In short, al-Haramain is basically saying,
Now, the government might have some complaint about the particular description of its illegal wiretapping. And I’m betting they’re going to have operational troubles with purging the illegally collected information, particularly if it means purging a lot of poisoned fruit along with it. But I still do think the government will try to find a way to accept Walker’s nifty solution.
Finally, in another case in Denver, the government backed down a request that Yahoo turn over the stored emails of one of its customers without a warrant. Yahoo, EFF, and a bunch of other privacy advocates had made a stink, and rather than face an adverse judgment, the government backed down.
In the face of stiff resistance from Yahoo! and a coalition of privacy groups, Internet companies and industry coalitions led by EFF, the U.S. government today backed down from its request that a federal magistrate judge in Denver compel Yahoo! to turn over the contents of a Yahoo! email user’s email account without the government first obtaining a search warrant based on probable cause.

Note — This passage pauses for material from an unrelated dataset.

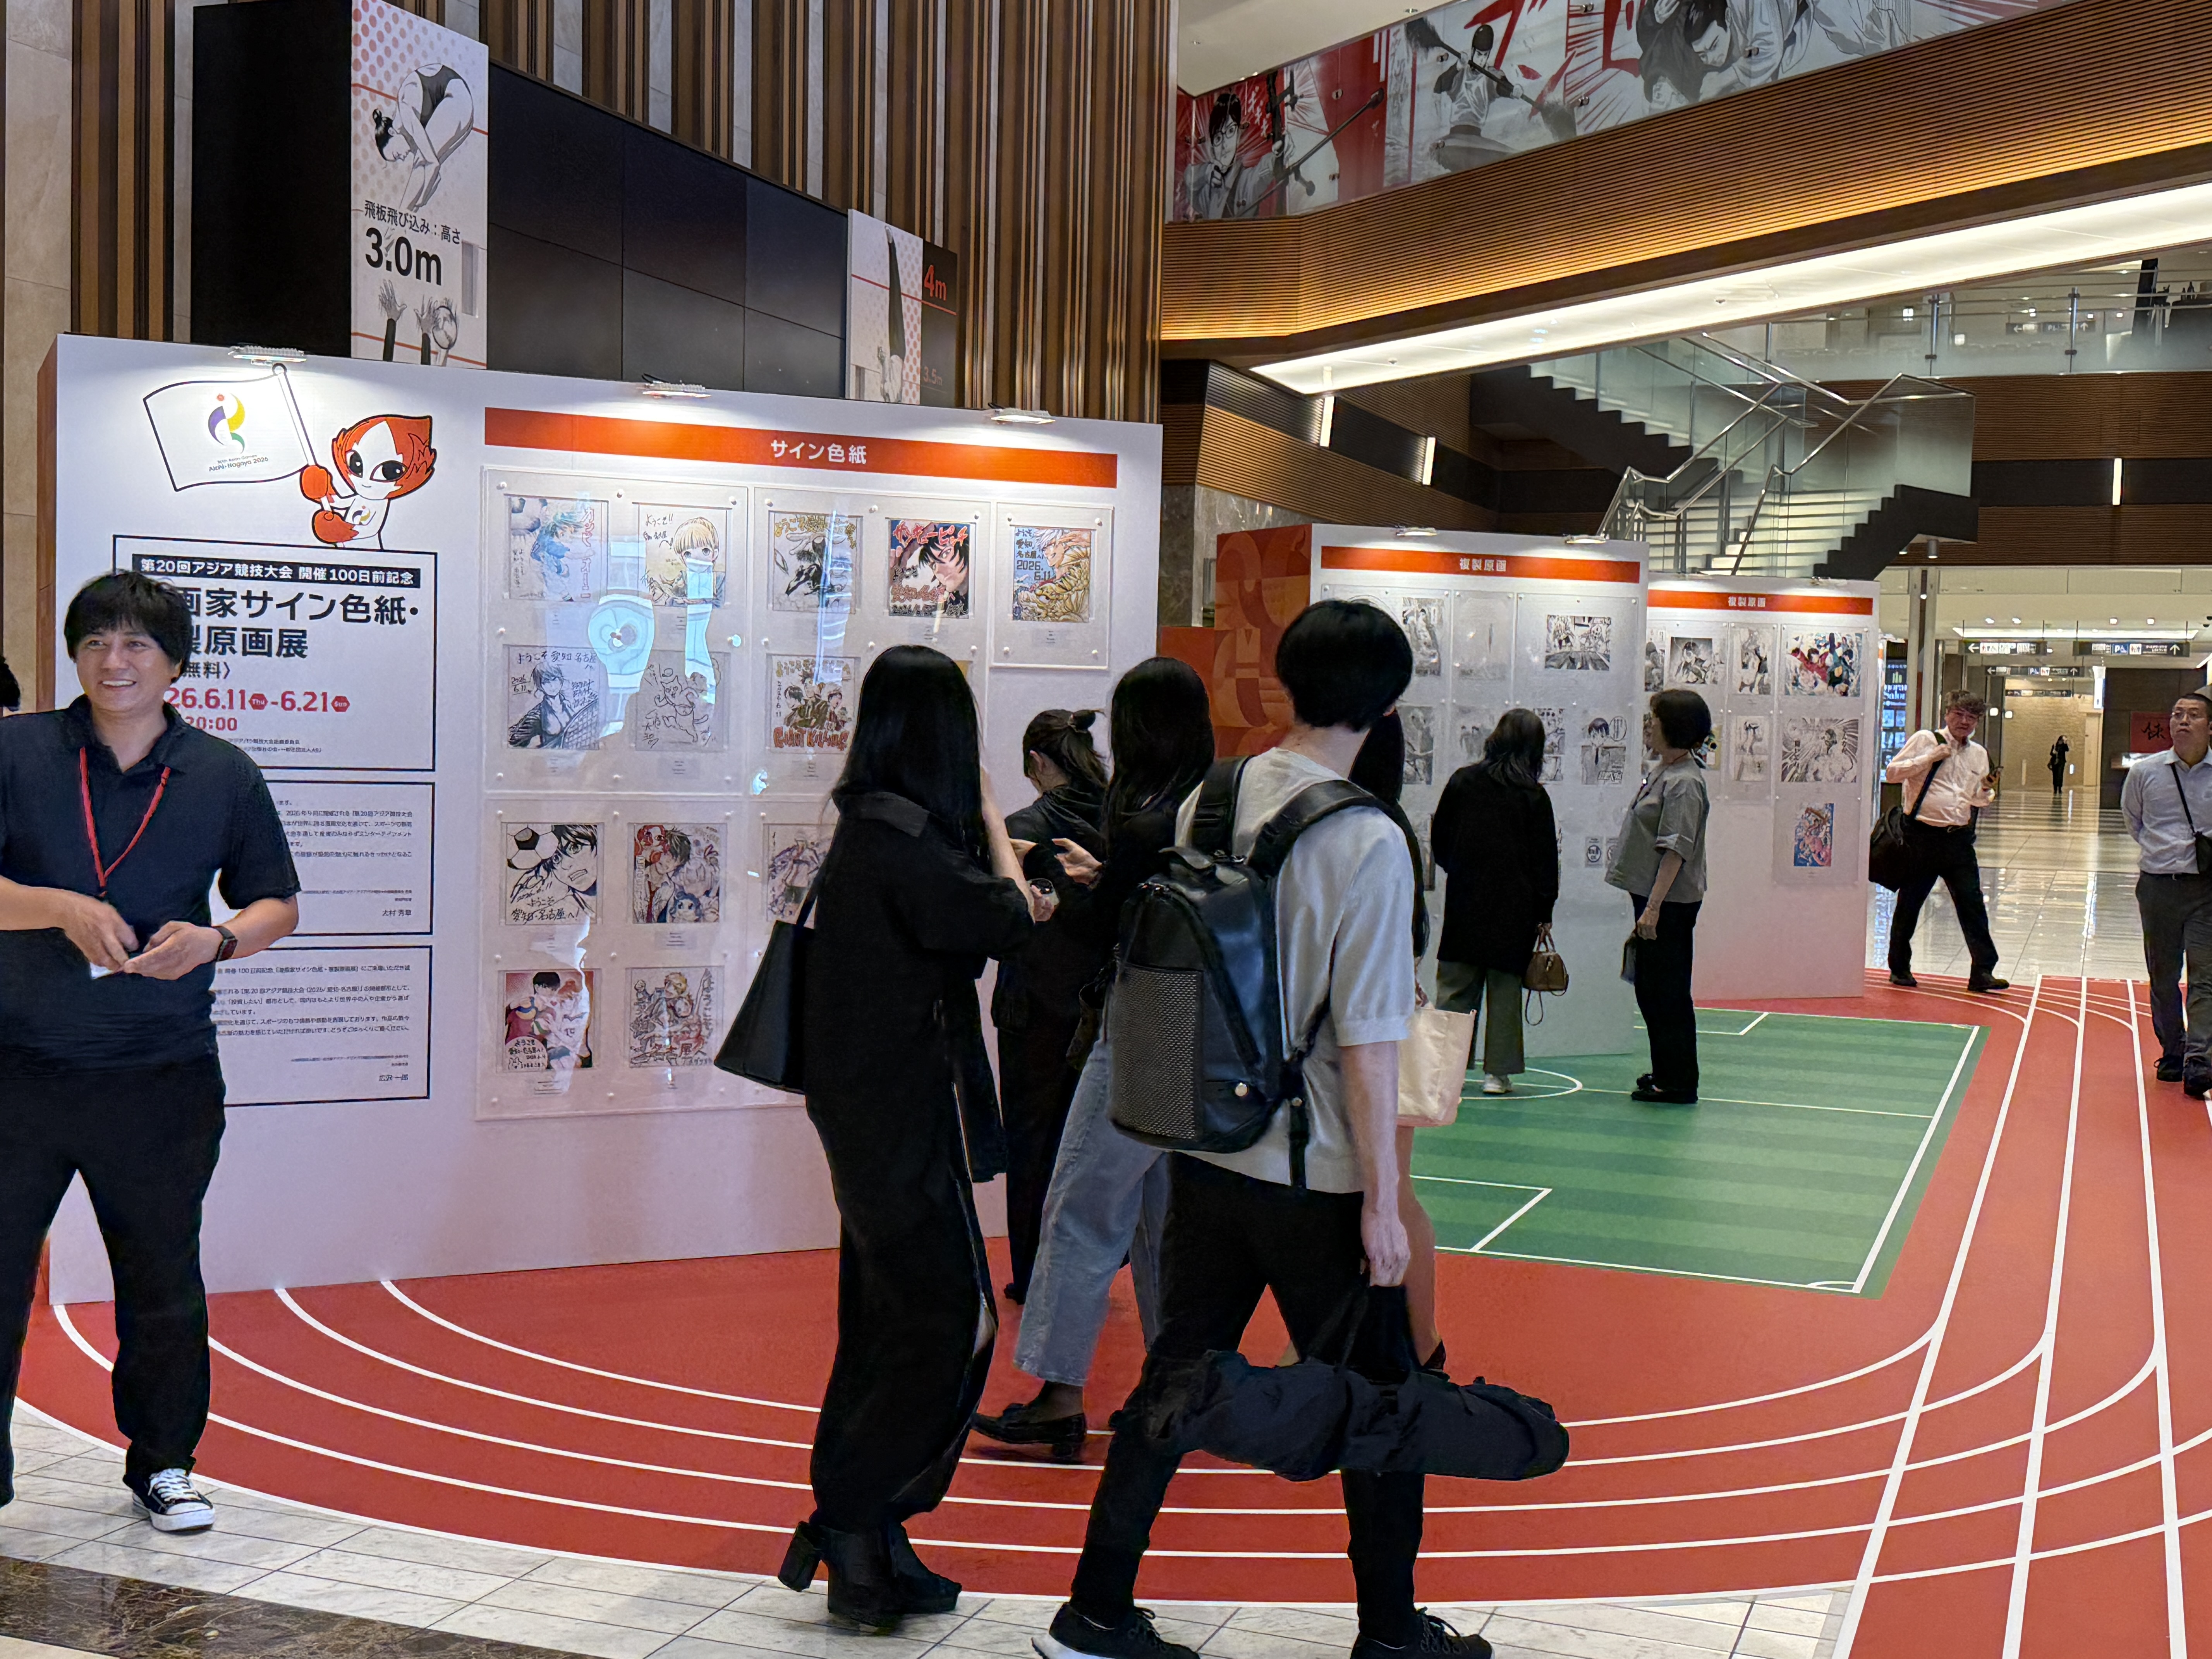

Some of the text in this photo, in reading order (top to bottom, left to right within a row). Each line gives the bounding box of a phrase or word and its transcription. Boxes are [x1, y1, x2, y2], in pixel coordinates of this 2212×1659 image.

The EFF-led coalition filed an amicus brief this Tuesday in support of Yahoo!’s opposition to the government’s motion, agreeing with Yahoo! that the government’s warrantless seizure of an email account would violate both federal privacy law and the Fourth Amendment to the Constitution. In response, the Government today filed a brief claiming that it no longer had an investigative need for the demanded emails and withdrawing the government’s motion.
As EFF points out, the government has repeatedly backed down when challenged on this type of collection and related collection.

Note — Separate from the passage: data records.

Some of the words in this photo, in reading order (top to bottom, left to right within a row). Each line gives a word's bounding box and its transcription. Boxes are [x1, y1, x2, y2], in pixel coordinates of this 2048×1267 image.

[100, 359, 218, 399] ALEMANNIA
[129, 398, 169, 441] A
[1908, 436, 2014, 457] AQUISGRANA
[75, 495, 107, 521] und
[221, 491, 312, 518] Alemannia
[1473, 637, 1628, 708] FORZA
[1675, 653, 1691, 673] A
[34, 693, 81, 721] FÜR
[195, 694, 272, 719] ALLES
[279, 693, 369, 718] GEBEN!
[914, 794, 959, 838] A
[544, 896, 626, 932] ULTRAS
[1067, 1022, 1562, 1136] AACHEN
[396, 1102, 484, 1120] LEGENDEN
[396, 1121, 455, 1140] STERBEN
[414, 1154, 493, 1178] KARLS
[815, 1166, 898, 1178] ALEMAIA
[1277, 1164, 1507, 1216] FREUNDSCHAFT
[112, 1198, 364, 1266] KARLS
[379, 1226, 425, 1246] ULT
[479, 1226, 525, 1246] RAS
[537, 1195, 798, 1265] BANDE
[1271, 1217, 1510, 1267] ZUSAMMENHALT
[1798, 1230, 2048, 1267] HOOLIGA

This is not the first time the government has evaded court rulings in this area. Most notably, although many federal magistrate judges and district courts have ruled that the government may not conduct real-time cellphone tracking without a warrant, the government has never appealed any of those decisions to a Circuit Court of Appeals, thereby preventing the appeals courts from ruling on the issue. Similarly, a federal magistrate judge in New York, Magistrate Judge Michael H. Dolinger, has twice invited EFF to brief the court on applications by the government to obtain private electronic communications without a warrant, and in each case, the government withdrew its application rather than risk a ruling against it (in one case the government went so far as to file a brief anticipating EFF’s opposition before finally dropping the case).

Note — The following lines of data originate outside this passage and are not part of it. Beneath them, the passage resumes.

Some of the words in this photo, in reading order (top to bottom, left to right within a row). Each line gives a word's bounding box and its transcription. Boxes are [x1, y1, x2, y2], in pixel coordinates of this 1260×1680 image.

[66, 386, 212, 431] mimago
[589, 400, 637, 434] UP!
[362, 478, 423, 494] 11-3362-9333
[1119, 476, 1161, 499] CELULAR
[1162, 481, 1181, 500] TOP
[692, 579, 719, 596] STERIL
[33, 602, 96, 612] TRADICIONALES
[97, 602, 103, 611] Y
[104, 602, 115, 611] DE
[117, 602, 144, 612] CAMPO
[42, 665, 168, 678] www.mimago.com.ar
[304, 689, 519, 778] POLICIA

Which I think illustrates the common theme here. While we don’t yet know what the Obama Administration will do in the case of al-Haramain, in the two other cases, they have backed off of surveillance activities to avoid any adverse ruling from Courts. That’s partly a testament to their discomfort with their own legal position with regards to these activities. But it’s also an indication that they’d rather continue their programs in some lesser form than risk having a Court declare the whole program unconstitutional.
If I’m right about all this, it means the government is balancing facing an Appeals Court on FISA and State Secrets, versus paying less then $4 million to close the chapter on Bush’s most egregious form of domestic surveillance while still protecting executive programs that engage in similar collection.